Reading out loud: an app can do it too
Apps are not just fun for children to use; they can also be very useful for language development. Education and Child Studies expert Daisy Smeets did research on the characteristics of picture book apps that help increase the vocabulary of four- and five-year olds without the intervention of a parent or teacher. PhD defence 20 December.
Picture books play an important role in vocabulary development because the text used is often more varied than in spoken language. Smeets investigated the extent to which different kinds of digital picture books increased children’s vocabulary, and she concluded that so-called living books, also known as video books, are extremely effective. One characteristic of these books is that illustrations have been replaced with moving images. For instance, the camera zooms in on specific details in the illustrations which the text is referring to at that moment.
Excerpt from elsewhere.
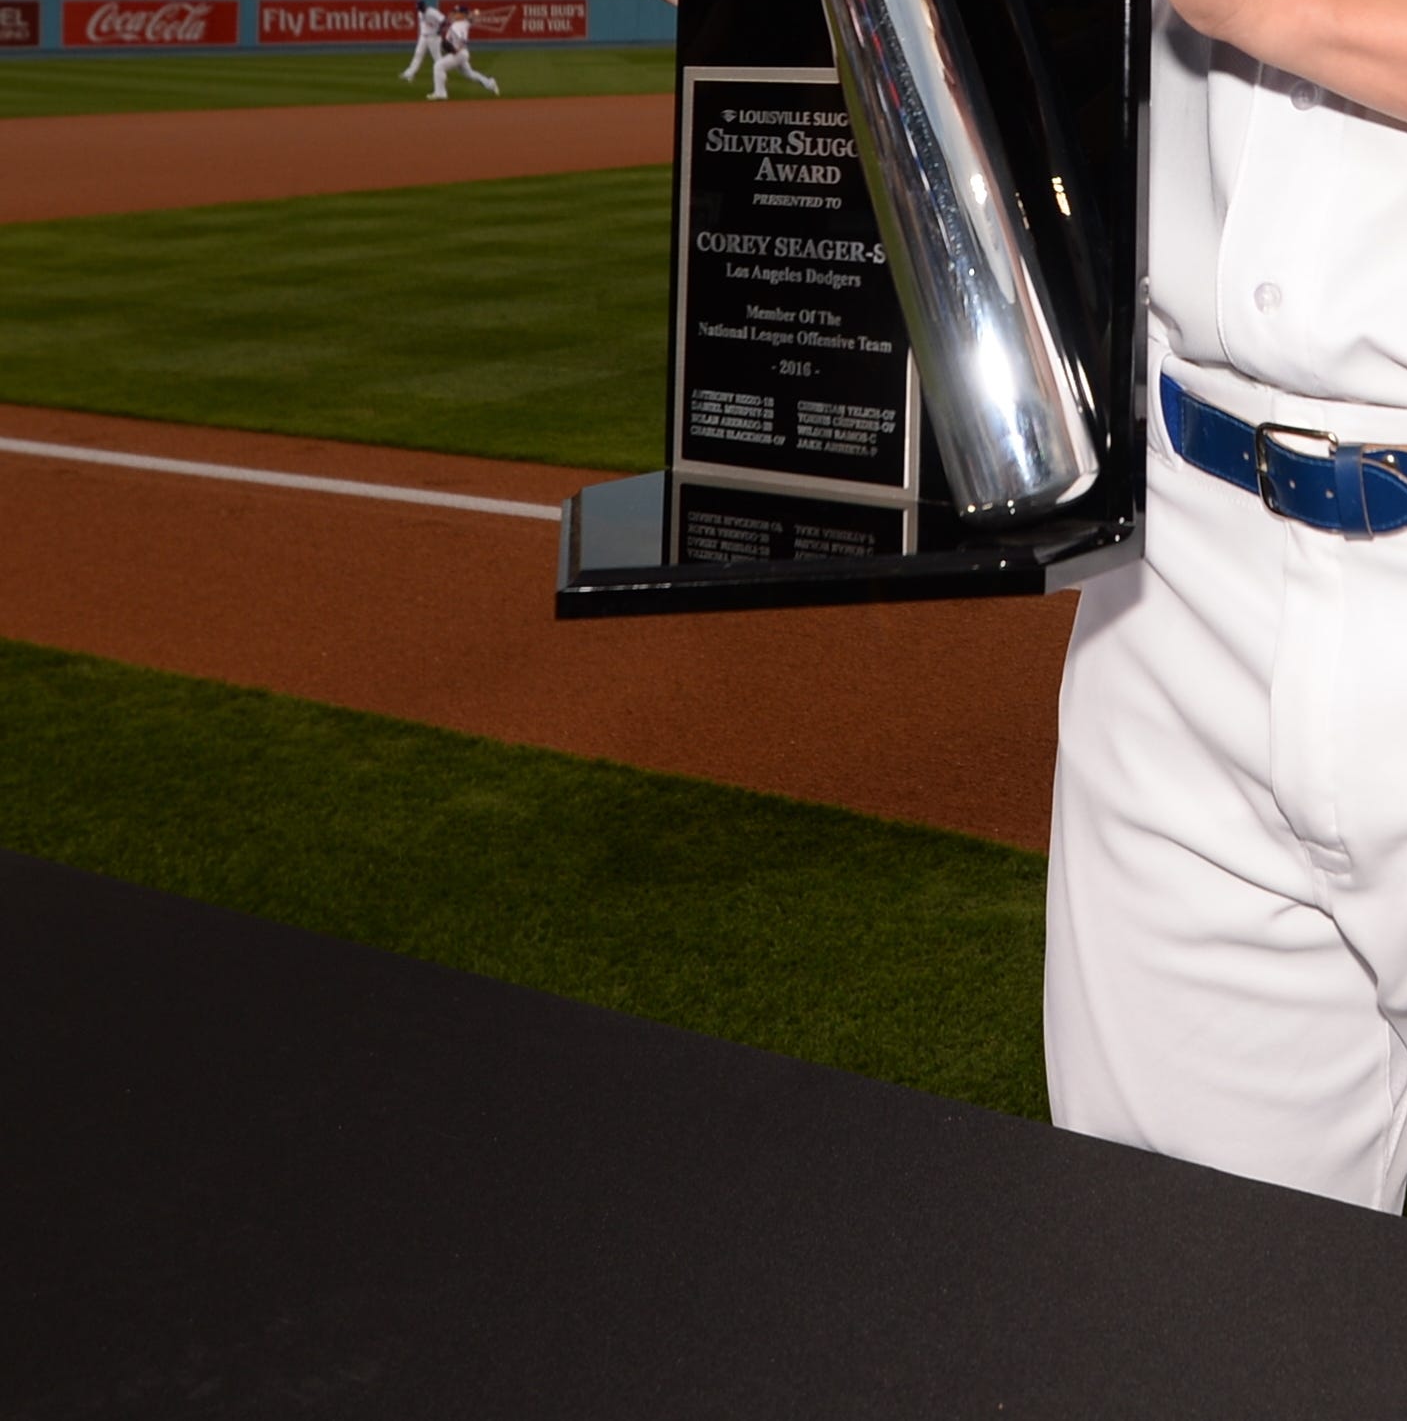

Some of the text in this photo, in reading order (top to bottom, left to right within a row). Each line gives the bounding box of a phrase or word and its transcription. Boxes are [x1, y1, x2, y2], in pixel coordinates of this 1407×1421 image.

Smeets: ‘This is different from a cartoon; here the animations are explicitly meant to link spoken text and images – or parts of images – and in this way to make the often complex language of picture books concrete. Books with this kind of animations allow toddlers to learn more difficult words than picture books with still illustrations.’
Smeets also studied the effectiveness of video books on school children in special education with serious language deficits. Toddlers with serious specific language impairment (SLI) were not helped by background music and other additional sound elements meant to clarify words such as ‘banging’ and ‘ringing’ or to focus the attention on the emotions in the story. On the contrary, in cases where language development is problematic, such additions only make it more difficult to learn new words. The voice telling the story is sufficient, with as little white noise as possible. If picture book apps are to be used widely, it is important to make sure that the background sounds and music can be switched off.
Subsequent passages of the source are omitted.